Selon une note de l’Institut Rousseau publiée ce jeudi, le surcroît de PIB induit par les mesures du NFP se maintiendrait au moins quelques années de plus.
Le cercle de réflexion a intégré les mesures du NFP à un modèle macroéconomique alternatif, et fait tourner ses ordinateurs. Résultat : un PIB de près de 3 200 milliards d’euros en 2030, contre un peu plus de 3 100 milliards d’euros dans le scénario de référence.
On peut donc affirmer, a minima, que le programme du NFP n’est pas récessif, contrairement à ce que lui reprochent ses opposants.

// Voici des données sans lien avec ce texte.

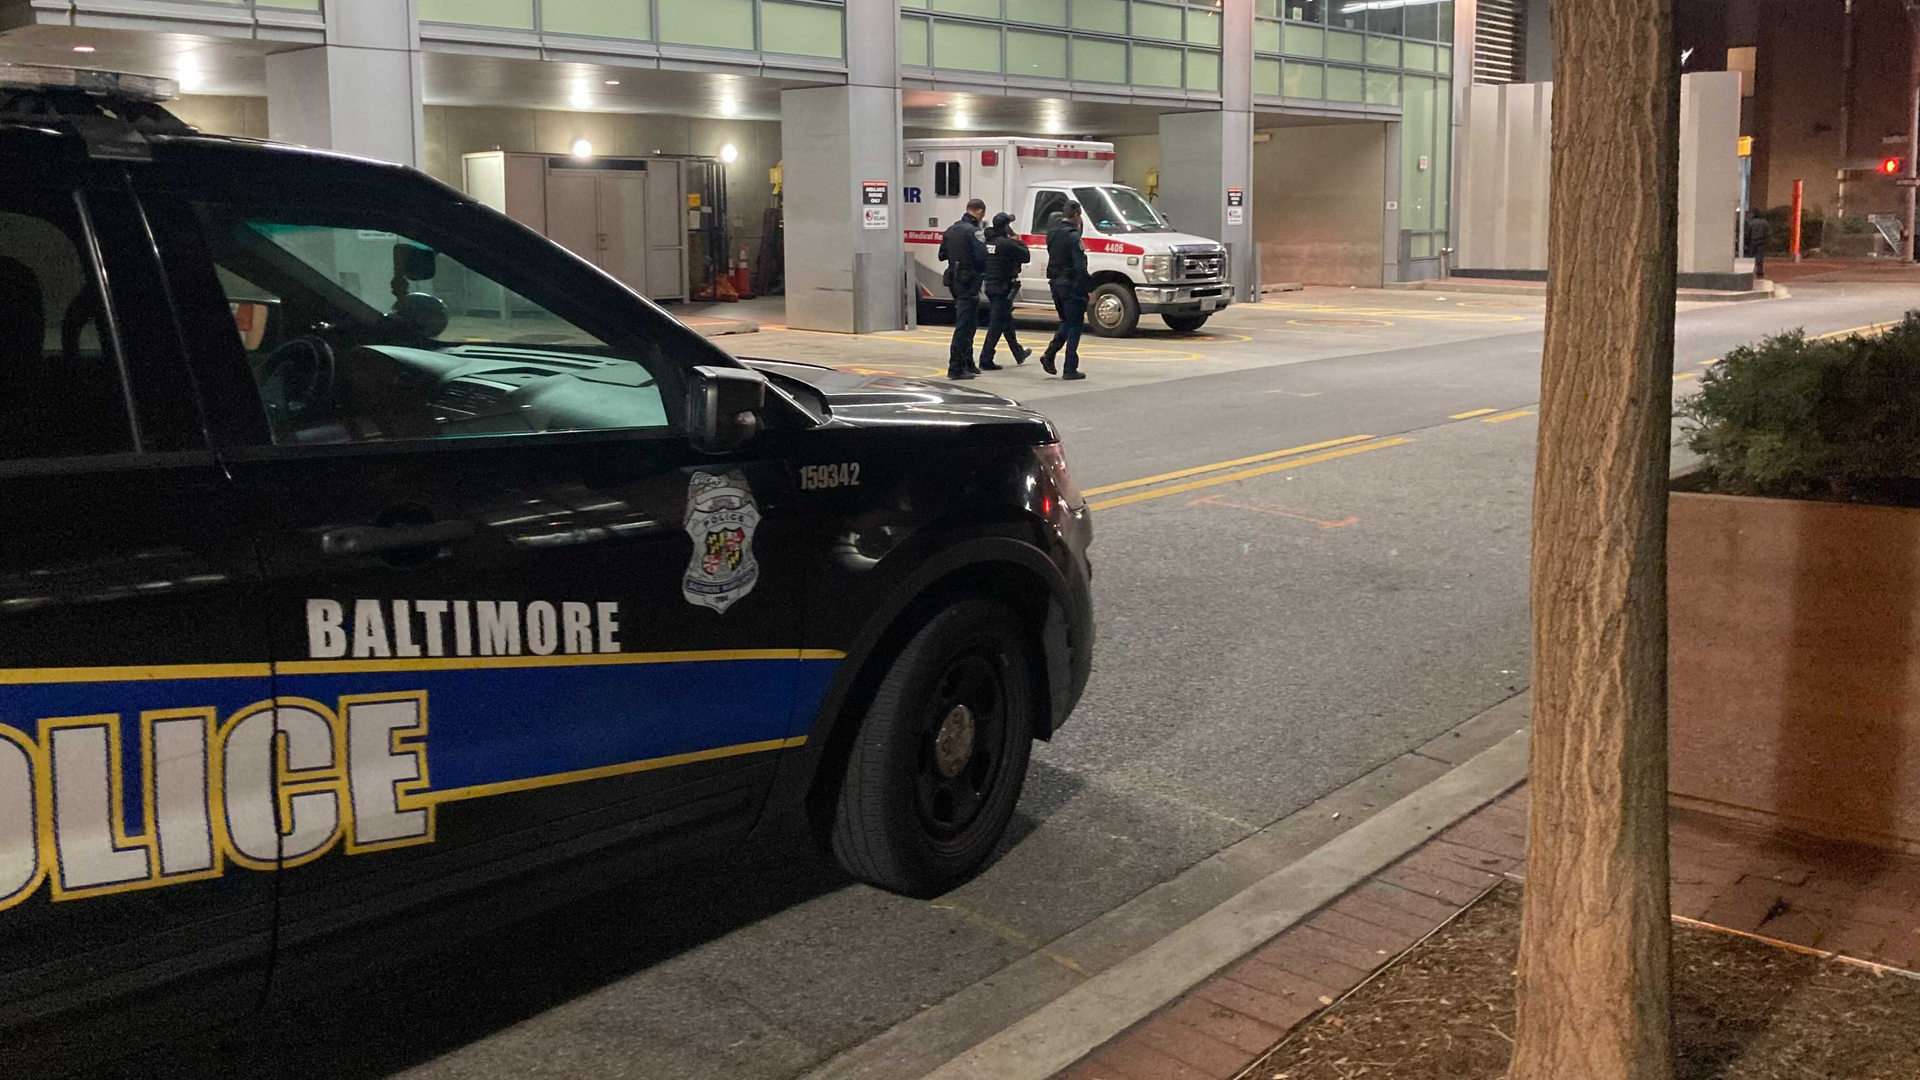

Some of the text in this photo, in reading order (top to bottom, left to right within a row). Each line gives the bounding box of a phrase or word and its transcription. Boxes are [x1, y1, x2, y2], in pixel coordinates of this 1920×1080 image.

Peut-on pour autant qualifier le NFP de décroissant ? Comme on l’a vu plus tôt, un programme décroissant, ou post-croissant, peut tout à fait générer de la croissance à court ou moyen terme.
La gauche unie assume de vouloir faire décroître certains secteurs néfastes au climat et à la biodiversité, et de faire croître d’autres secteurs plus propres
La gauche unie assume de vouloir faire décroître certains secteurs néfastes au climat et à la biodiversité, et de faire croître d’autres secteurs plus propres. Elle ne fait pas de la croissance l’alpha et l’oméga de sa politique économique. Cela suffit à la disqualifier aux yeux des droites et des libéraux.

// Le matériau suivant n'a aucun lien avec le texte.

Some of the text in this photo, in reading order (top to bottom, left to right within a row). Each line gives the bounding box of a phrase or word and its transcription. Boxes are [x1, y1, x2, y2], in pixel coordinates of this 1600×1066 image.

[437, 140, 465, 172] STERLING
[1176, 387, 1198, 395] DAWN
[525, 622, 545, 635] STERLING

Ce changement de logiciel économique est, au fond, conforme à l’esprit de la décroissance. Le collectif « Parti-e-s pour la décroissance » – qui n’est pas un vrai parti – a d’ailleurs apporté son soutien au NFP.

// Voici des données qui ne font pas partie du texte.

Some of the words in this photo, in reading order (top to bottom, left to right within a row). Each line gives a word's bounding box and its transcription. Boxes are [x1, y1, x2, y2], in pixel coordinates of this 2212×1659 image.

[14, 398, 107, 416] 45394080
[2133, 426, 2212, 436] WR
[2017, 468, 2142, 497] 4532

Pour en avoir le cœur net, il faudrait cependant savoir si, à long terme, le programme du NFP mène le pays vers une forme d’état stationnaire, dans lequel les flux de matière et d’énergie diminueraient, alors que les besoins sociaux resteraient démocratiquement satisfaits. Mais cela, le programme ne le dit pas.
Quant à savoir si le PIB continuera d’augmenter dans un monde « post-croissance », c’est encore plus difficile, comme l’explique Mathilde Viennot :
« Il est pour l’heure très compliqué de savoir si le programme du NFP est créateur de croissance ou non à long terme, car de trop nombreux facteurs entrent en jeu, dont certains peuvent diminuer à terme le PIB, par exemple les effets du réchauffement climatique. »
L’économiste rappelle d’ailleurs qu’investir dans des infrastructures plus vertes n’est pas créateur de croissance en soi. C’est ce qu’indique le rapport de référence Pisani-Mahfouz : sur les dizaines de milliards d’euros annuels à investir chaque année pour la neutralité carbone, une partie est rentable, donc créatrice de croissance, une autre ne l’est qu’avec un soutien public, et une dernière partie n’est pas rentable. Mesurer leur effet combiné est donc un sacré défi théorique.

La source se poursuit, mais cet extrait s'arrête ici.